Even more than that, throughout all of my childhood and adult life, I can recall only one time when a professional came inside my home. This was a visiting midwife when my daughter was only 2 weeks old, and was part of a universal health program provided by the government.
The only other professionals who have ever come into my home have been real estate tenancy inspectors. A managed, curated experience that was inherently superficial.
The point of all this is to say that the relationship of trust between a professional and their client is not something created through a few contacts in a clinical setting and some comments inserted for therapeutic alliance. It requires a much deeper quality of warmth, humility and regard, demonstrated repeatedly over time.
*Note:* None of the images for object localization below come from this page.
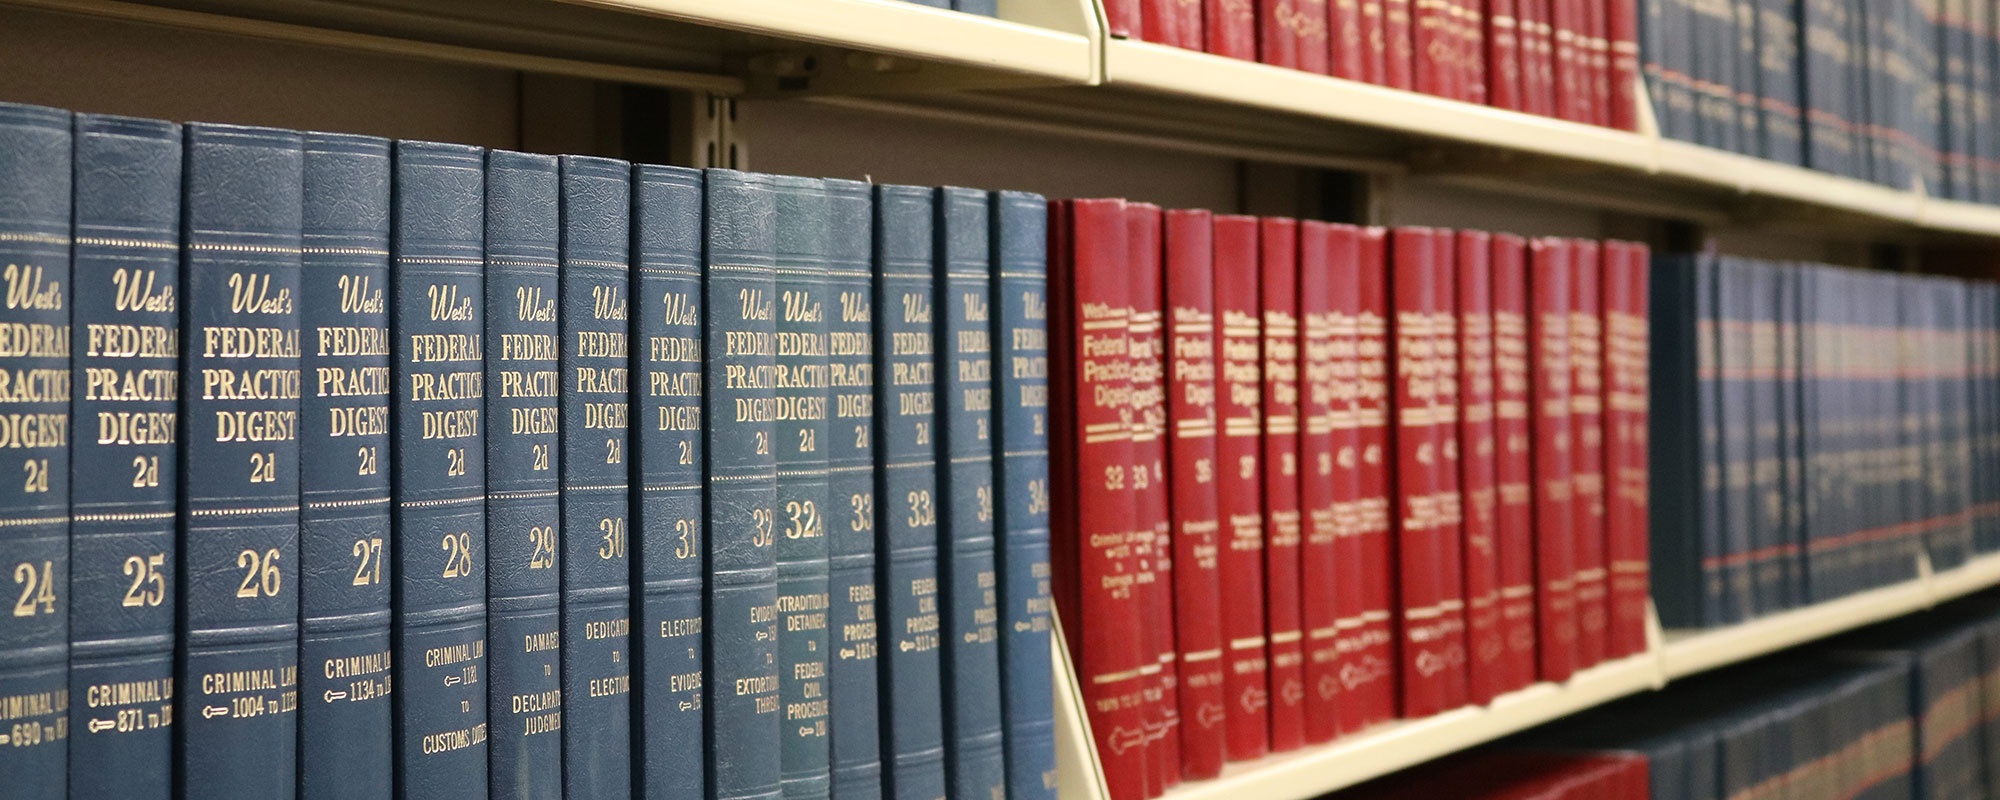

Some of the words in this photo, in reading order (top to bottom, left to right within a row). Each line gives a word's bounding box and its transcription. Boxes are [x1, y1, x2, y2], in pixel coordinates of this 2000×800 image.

[3, 264, 61, 311] West's
[113, 268, 174, 312] West's
[229, 273, 292, 314] West's
[338, 275, 384, 314] West's
[428, 284, 473, 321] West's
[516, 286, 556, 321] West's
[664, 293, 697, 326] West's
[783, 291, 822, 322] West's
[0, 323, 70, 357] EDERAL
[203, 327, 300, 358] FEDERAL
[317, 327, 390, 357] FEDERAL
[411, 334, 482, 362] FEDERAL
[577, 332, 628, 358] FEDERA
[726, 332, 776, 355] FEDERA
[86, 368, 177, 401] PRACTIC
[411, 372, 482, 400] PRACTICE
[501, 371, 558, 397] PRACTIC
[330, 407, 388, 436] DIGEST
[659, 407, 700, 431] DIGEST
[776, 397, 826, 419] DIGEST
[98, 412, 176, 445] DIGEST
[216, 411, 295, 442] DIGEST
[423, 409, 478, 439] DIGEST
[855, 426, 868, 448] 2d
[606, 439, 621, 464] 2d
[679, 441, 692, 464] 2d
[756, 432, 768, 454] 2d
[799, 429, 815, 452] 2d
[132, 455, 159, 488] 2d
[250, 453, 275, 483] 2d
[359, 447, 376, 475] 2d
[447, 449, 465, 476] 2d
[533, 445, 548, 470] 2d
[24, 459, 48, 493] 2d
[1105, 465, 1124, 489] 32
[786, 501, 823, 539] 32A
[851, 494, 872, 531] 33
[600, 518, 624, 560] 30
[675, 519, 697, 559] 31
[753, 509, 773, 547] 32
[442, 532, 471, 578] 28
[529, 526, 555, 568] 29
[236, 548, 281, 598] 26
[352, 538, 382, 586] 27
[14, 561, 56, 616] 24
[122, 553, 165, 607] 25
[324, 653, 382, 679] CRIMINAL
[426, 644, 471, 668] CRIMINAL
[612, 650, 620, 662] TO
[688, 647, 695, 659] TO
[203, 669, 276, 695] CRIMINAL
[462, 665, 478, 685] 1181
[544, 664, 552, 676] TO
[794, 662, 825, 680] FEDERAL
[87, 680, 161, 708] CRIMINAL
[350, 679, 374, 702] 1134
[376, 684, 384, 697] TO
[232, 696, 264, 718] 1004
[268, 700, 278, 714] TO
[461, 700, 470, 713] TO
[12, 722, 41, 747] 690
[117, 709, 144, 733] 871
[423, 729, 469, 755] CUSTOMS
If the visit includes also entering or being in the vicinity of the client’s home, the process of trust building is likely much harder and longer.
Anyone who has had experience of involuntary work, either receiving or providing, knows the shame that can come from having professionals at your home.
That white car parked out the front, its company insignia visible to the neighbours or casual passersby. A person in professional clothing slowly approaching the front yard, notebook and pen in hand. The anticipation of judgment.
Even apparently kind gestures, made with an intention to communicate goodwill, can quickly become unpleasant. Why are they responding like that? Why are they noticing this? What are they here for, these strangers? Resident thought bubbles.
For those of us privileged to work in the homes and spaces of our clients, it is a heavy privilege to hold. It requires a commitment to relationship well beyond the intake and assessment point. It asks us to be the professional that, over time, we would be happy to welcome in and trust with our private moments.
As best I can, I strive to bring as much of me to these delicate intersections with another’s space. I do not always get it right, but wherever possible I try to share my spirit and presence as an offering of trust. Simple things like what makes me laugh, and important people and places in my life.
While there is much said about the importance of professional boundaries, when you are in the physical space of your client you are more than a professional in that moment. You must also be a fellow human being, with a common cause of love and concern, one for another.
Tread lightly and with care, for it is not always comfortable or safe to have us here.